Is Claude Code just an autocomplete tool?
No. It can suggest code, but its real identity is as a coding agent that reads files, plans changes, edits code, runs commands, and works through larger tasks.
How do I get started?
Most users start by installing Claude Code in the terminal or using Anthropic’s web or desktop interfaces. You will get better results faster if you also add a CLAUDE.md file with project rules, commands, and architecture notes.
How long does it take to set up?
Basic setup can be quick, often under 30 minutes. Getting good results consistently takes longer, because teams usually need time to document conventions, learn prompting habits, and decide how much autonomy to give it.
Does Claude Code work inside my IDE?
Yes. Anthropic supports terminal workflows, web access, desktop apps, and integrations with editors like VS Code and JetBrains. Some developers still prefer using it from the terminal for the fullest experience.
Can Claude Code edit multiple files at once?
Yes. That is one of its main strengths. It can coordinate changes across implementation files, tests, and configs in a single task.
Does Claude Code create pull requests?
It can work with Git workflows, including branches, commits, and pull request creation. Many teams use it specifically to turn a scoped request into a reviewable PR.
What models power Claude Code?
Claude Code uses Anthropic’s Claude models, including Sonnet and Opus variants. Higher-end reasoning modes can improve quality on difficult tasks, but they also use more compute.
Is Claude Code good for large repositories?
Usually yes, especially compared with smaller-context tools. Anthropic’s 1 million token context support helps on large repos, though very long sessions can still run into summarization and context tradeoffs.
What are the biggest downsides?
The biggest downsides are the learning curve, usage limits, and the need for strong human review. It can produce a lot of code quickly, but teams still need to check correctness and architectural fit.
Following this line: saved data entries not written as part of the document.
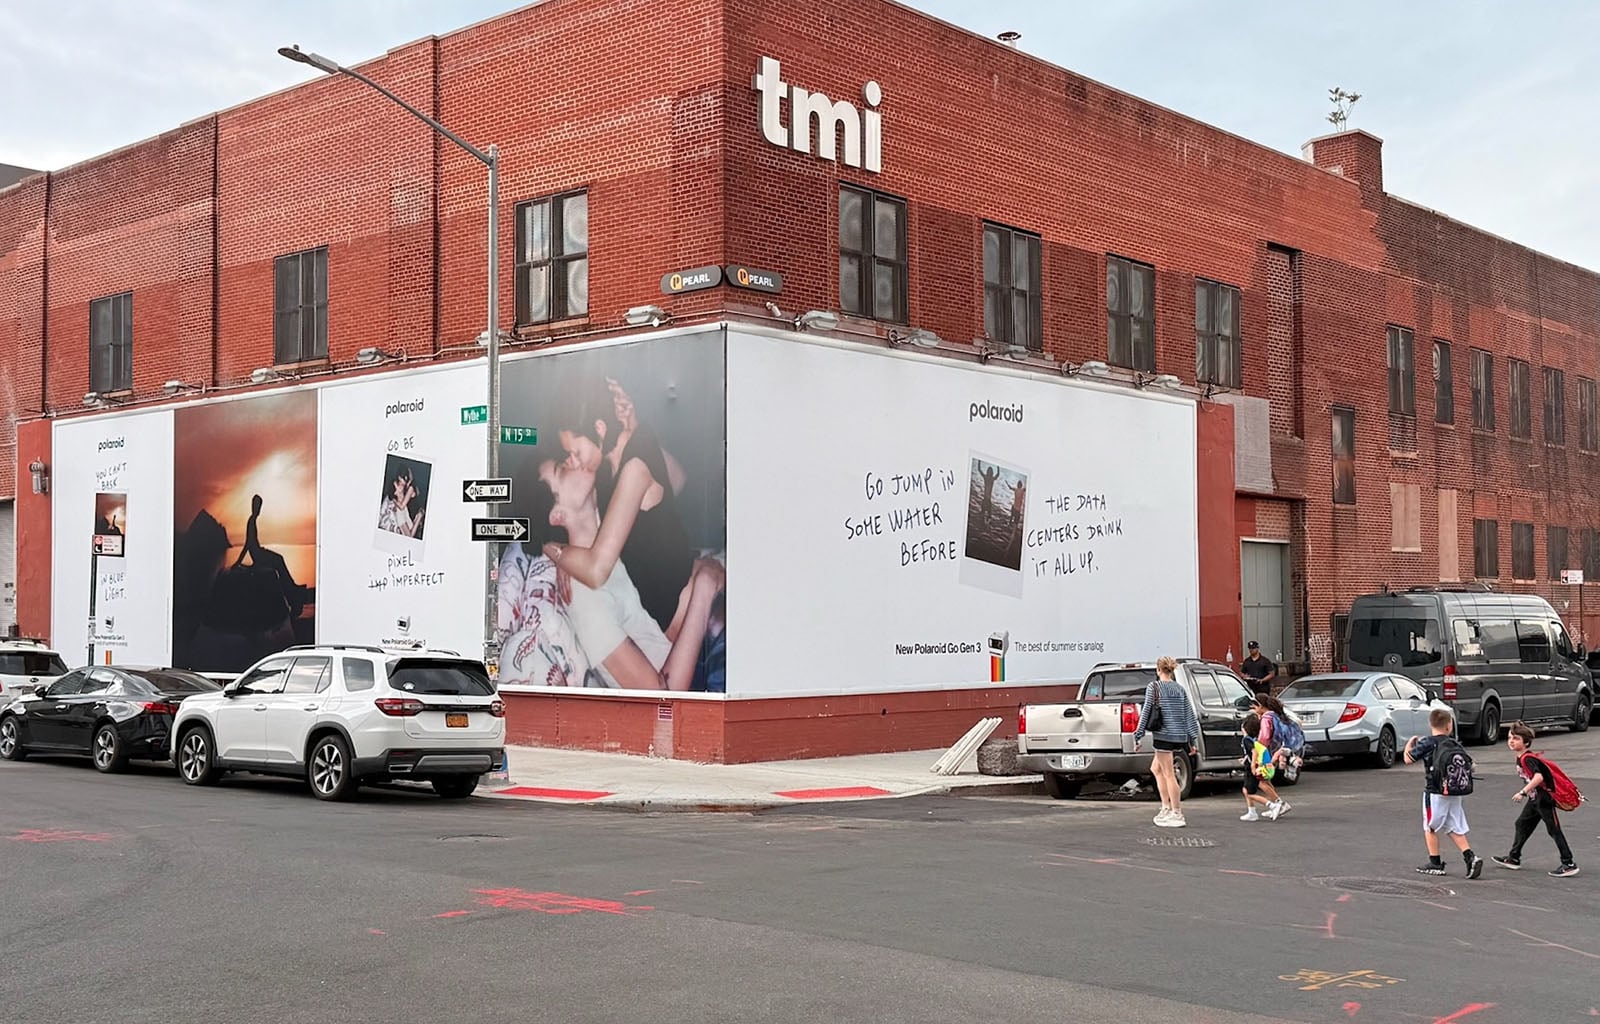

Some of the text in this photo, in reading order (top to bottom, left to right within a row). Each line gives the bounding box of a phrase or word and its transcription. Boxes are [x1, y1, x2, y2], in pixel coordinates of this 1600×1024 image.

[752, 55, 882, 174] tmi
[682, 273, 710, 286] PEARL
[748, 275, 774, 287] PEARL
[385, 398, 424, 419] polaroid
[969, 399, 1023, 423] polaroid
[403, 436, 415, 450] BE
[505, 427, 511, 441] N
[514, 428, 523, 442] 15
[98, 436, 125, 453] polaroid
[469, 486, 505, 496] ONE WAY
[866, 472, 883, 500] GO
[891, 468, 932, 495] JUMP
[1045, 494, 1106, 514] THE DATA
[480, 525, 521, 535] ONE WAY
[845, 502, 943, 540] SOME WATER
[1027, 523, 1080, 548] CENTERS
[901, 539, 957, 567] BEFORE
[1054, 553, 1076, 576] ALL
[1080, 550, 1099, 574] UP.
[895, 642, 982, 655] New Polaroid Go Gen 3
[1015, 640, 1105, 653] The best of summer is analog
Is Claude Code better than Cursor or Copilot?
It depends on the job. Claude Code is often stronger for repo-level reasoning and autonomous multi-step work. Cursor and Copilot are often easier for fast, editor-centered coding workflows.
Is Claude Code suitable for teams?
Yes, especially teams doing serious engineering work with established conventions. It becomes more useful when a team documents its practices clearly and treats the tool as part of the workflow, not just a personal assistant.